- _Listed entries_
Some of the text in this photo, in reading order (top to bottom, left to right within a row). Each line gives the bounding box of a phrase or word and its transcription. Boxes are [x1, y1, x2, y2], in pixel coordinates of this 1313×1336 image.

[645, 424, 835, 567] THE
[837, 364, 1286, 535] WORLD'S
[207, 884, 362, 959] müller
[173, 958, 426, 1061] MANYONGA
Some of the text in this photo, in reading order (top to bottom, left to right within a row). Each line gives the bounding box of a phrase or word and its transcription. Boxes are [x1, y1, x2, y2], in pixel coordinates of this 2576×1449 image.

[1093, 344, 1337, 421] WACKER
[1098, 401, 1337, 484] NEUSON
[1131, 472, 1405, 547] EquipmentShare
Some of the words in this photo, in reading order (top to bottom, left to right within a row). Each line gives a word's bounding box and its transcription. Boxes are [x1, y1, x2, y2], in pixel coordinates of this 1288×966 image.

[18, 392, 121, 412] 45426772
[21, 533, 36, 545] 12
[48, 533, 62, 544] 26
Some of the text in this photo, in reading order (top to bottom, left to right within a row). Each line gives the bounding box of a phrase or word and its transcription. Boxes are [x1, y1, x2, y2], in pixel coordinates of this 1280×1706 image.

- _Work task_
Copy all of the entries above exactly as shown.

- _Solved exercise_
Some of the text in this photo, in reading order (top to bottom, left to right within a row). Each line gives the bounding box of a phrase or word and its transcription. Boxes are [x1, y1, x2, y2], in pixel coordinates of this 1313×1336 image.

[645, 424, 835, 567] THE
[837, 364, 1286, 535] WORLD'S
[207, 884, 362, 959] müller
[173, 958, 426, 1061] MANYONGA
Some of the text in this photo, in reading order (top to bottom, left to right within a row). Each line gives the bounding box of a phrase or word and its transcription. Boxes are [x1, y1, x2, y2], in pixel coordinates of this 2576×1449 image.

[1093, 344, 1337, 421] WACKER
[1098, 401, 1337, 484] NEUSON
[1131, 472, 1405, 547] EquipmentShare
Some of the words in this photo, in reading order (top to bottom, left to right within a row). Each line gives a word's bounding box and its transcription. Boxes are [x1, y1, x2, y2], in pixel coordinates of this 1288×966 image.

[18, 392, 121, 412] 45426772
[21, 533, 36, 545] 12
[48, 533, 62, 544] 26
Some of the text in this photo, in reading order (top to bottom, left to right within a row). Each line gives the bounding box of a phrase or word and its transcription. Boxes are [x1, y1, x2, y2], in pixel coordinates of this 1280×1706 image.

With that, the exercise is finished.